ZnO, Al-doped ZnO (AZO), and Ga-doped ZnO (GZO) semiconductor thin films were deposited on glass substrates via a sol-gel spin-coating process for application in a photoconductive ultraviolet (UV) detector. The doping concentrations of Al and Ga were 1.0 at % in the precursor solutions. In this study, the microstructural features and the optical and electrical properties of sol-gel-derived ZnO, AZO, and GZO thin films were compared, and the performance of ZnO-based UV photodetectors under ultraviolet A (UVA) light were measured. Experimental results confirmed the synthesis of single-phase nanocrystalline ZnO-based thin films and the successful substitution of Al and Ga into Zn sites in ZnO crystals. The results also demonstrated that the optical transmittance and electrical properties of ZnO thin films could be improved by Al and Ga doping. UV photodetectors based on ZnO-based thin films, having a metal-semiconductor-metal (MSM) configuration, were fabricated with Al inter-digitated electrodes. All photodetectors showed an ohmic nature between semiconductor and electrode contacts and exhibited a sharp increase in photocurrent under illumination with UVA light. We found that the MSM UV photodetector based on the GZO semiconductor thin film exhibited the best UV response (I_UVA/I_dark) of 73.3 and the highest photocurrent responsivity of 46.2 A/W under UVA light (power density ~0.825 mW/cm²) at 5 V bias.

1. Introduction

The photodetector is the key optoelectronic component in smart life technologies and in many sensing systems that require detecting ultraviolet (UV) or visible light for turning on or off systems.
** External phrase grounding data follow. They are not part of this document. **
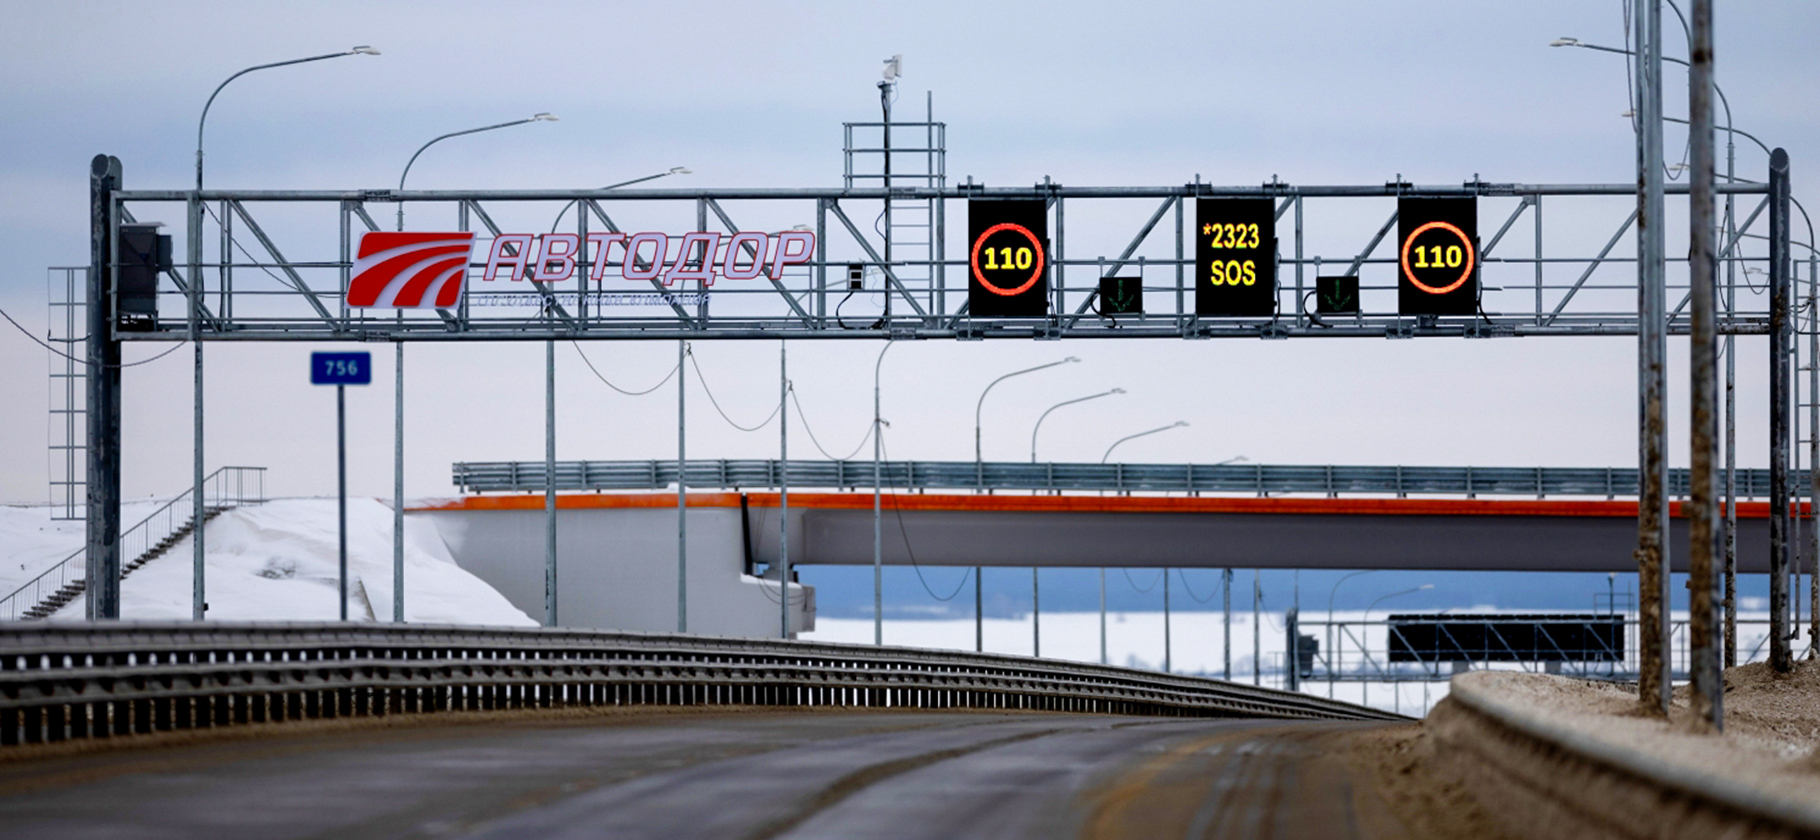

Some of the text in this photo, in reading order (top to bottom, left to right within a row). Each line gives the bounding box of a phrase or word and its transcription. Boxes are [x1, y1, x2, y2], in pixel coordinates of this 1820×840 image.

[482, 232, 815, 286] АВТОДОР
[984, 246, 1033, 270] 110
[1414, 245, 1463, 268] 110
[1211, 260, 1256, 287] SOS
[325, 360, 359, 376] 756
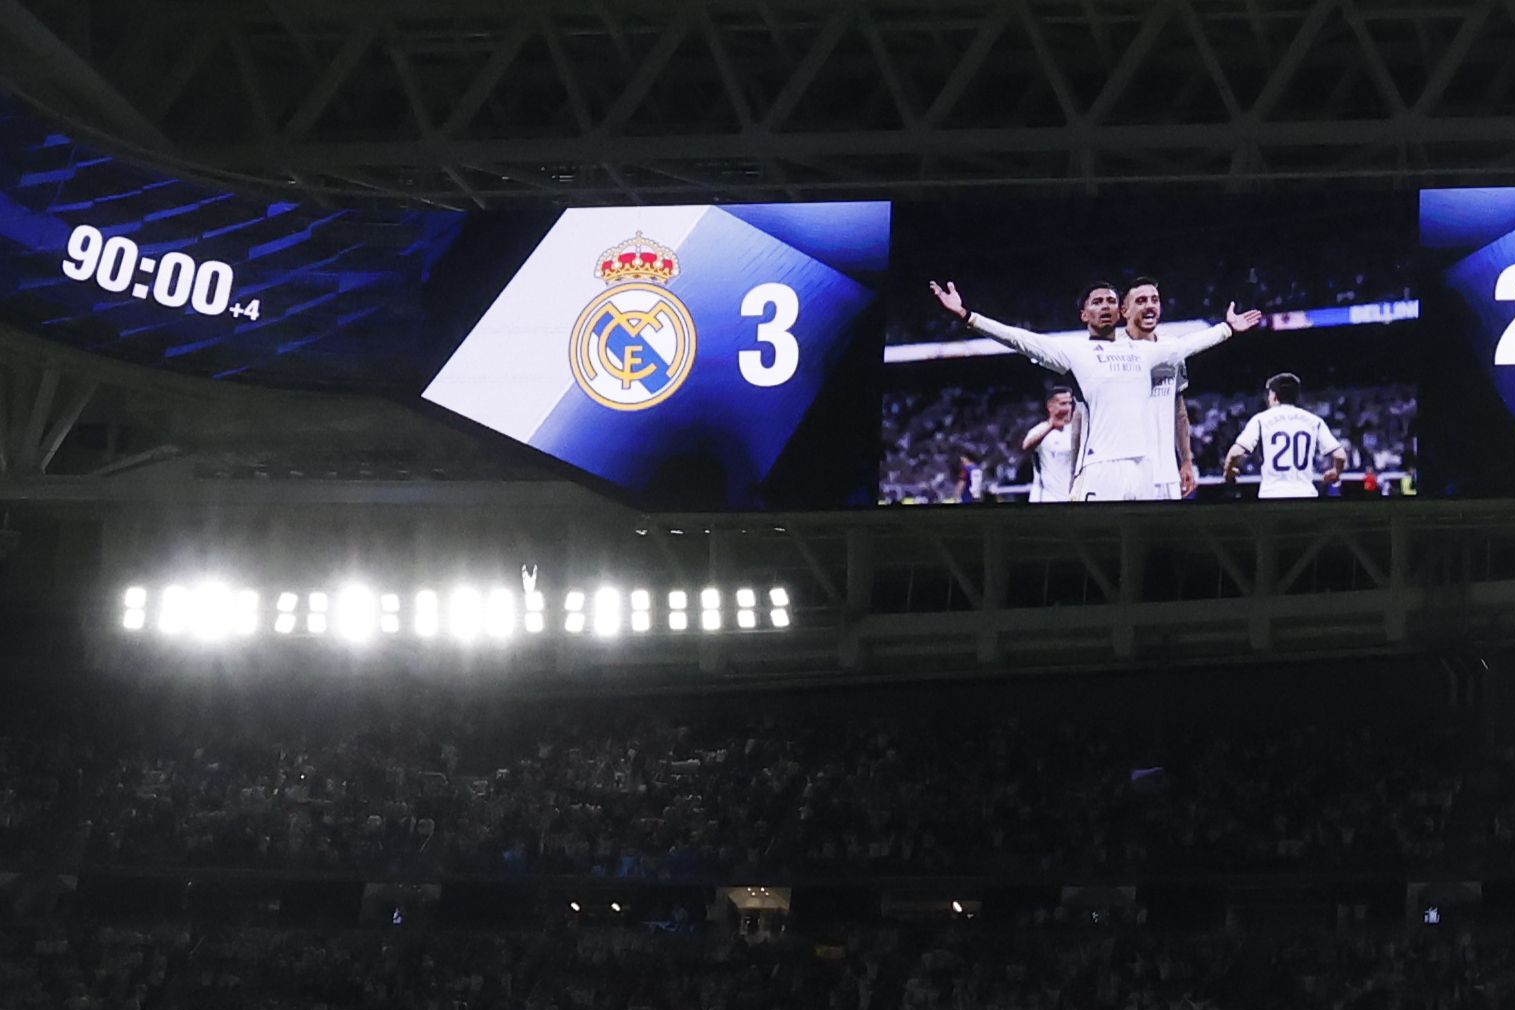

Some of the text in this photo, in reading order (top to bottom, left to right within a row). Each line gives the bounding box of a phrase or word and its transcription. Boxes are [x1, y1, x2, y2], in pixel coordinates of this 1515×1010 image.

[62, 225, 260, 321] 90:00 +4
[738, 282, 800, 387] 3
[1271, 430, 1312, 472] 20
Functional metal oxide semiconductors with a wide bandgap (>3 eV) have drawn much attention for the development of visible-blind, UV-sensitive photodetectors [1,2]. Semiconductor UV photodetectors operating only at a mild bias (low power requirement) and insensitive to magnetic fields have been widely utilized in optical communications, environmental monitoring, biological agents, and aerospace and military applications [3,4]. In recent years, metal-semiconductor-metal (MSM) structured UV photodetectors have attracted research interest due to their high photoconductive gain and photoresponsivity (amplifying equilibrium is not necessary), as well as their fabrication simplicity and suitability for monolithic integration [1,5].
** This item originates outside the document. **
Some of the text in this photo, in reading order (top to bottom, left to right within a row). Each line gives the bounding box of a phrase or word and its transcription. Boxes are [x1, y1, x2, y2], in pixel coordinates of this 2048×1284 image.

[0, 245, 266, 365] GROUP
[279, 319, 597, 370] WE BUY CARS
Zinc oxide (ZnO) is an important n-type II-VI group semiconductor with a wide direct bandgap of 3.37 eV, as well as a high exciton binding energy of 60 meV at room temperature (RT). It is also thermally and chemically stable and has high radiation hardness, which extend its use in harsh environments [6,7]. Because of its wide bandgap and high exciton energy, ZnO is a suitable semiconductor material for the sensing layer in photodetectors, providing great sensitivity for UV radiation without extra filters, and ensuring effective excitonic emission at RT [1,3]. It is well known that n-type doped ZnO thin films are achieved by the substitution of Zn²⁺ cations with group III elements (B, Al, Ga, In) or group IV elements (Si, Ti, Sn) to improve the optical and electrical properties and enhance the stability of ZnO thin films by increasing their transparency in the visible region as well as their electrical conductivity [8]. The efficiency of the impurity doping is related to its electronegativity and differences between the ionic radii of the dopant element and Zn [9]. Both Al and Ga are the most suitable dopants for substituting into ZnO thin films in transparent electronics applications [10]. A few papers have compared the physical properties of Al-doped ZnO (AZO) and Ga-doped ZnO (GZO) thin films prepared under the same processes and conditions [9,10,11,12,13]. Ng et al. reported that sol-gel-derived AZO with an Al doping level of 1 at % and a GZO with a Ga doping level of 2 at % were found to have the optimal electrical properties [11].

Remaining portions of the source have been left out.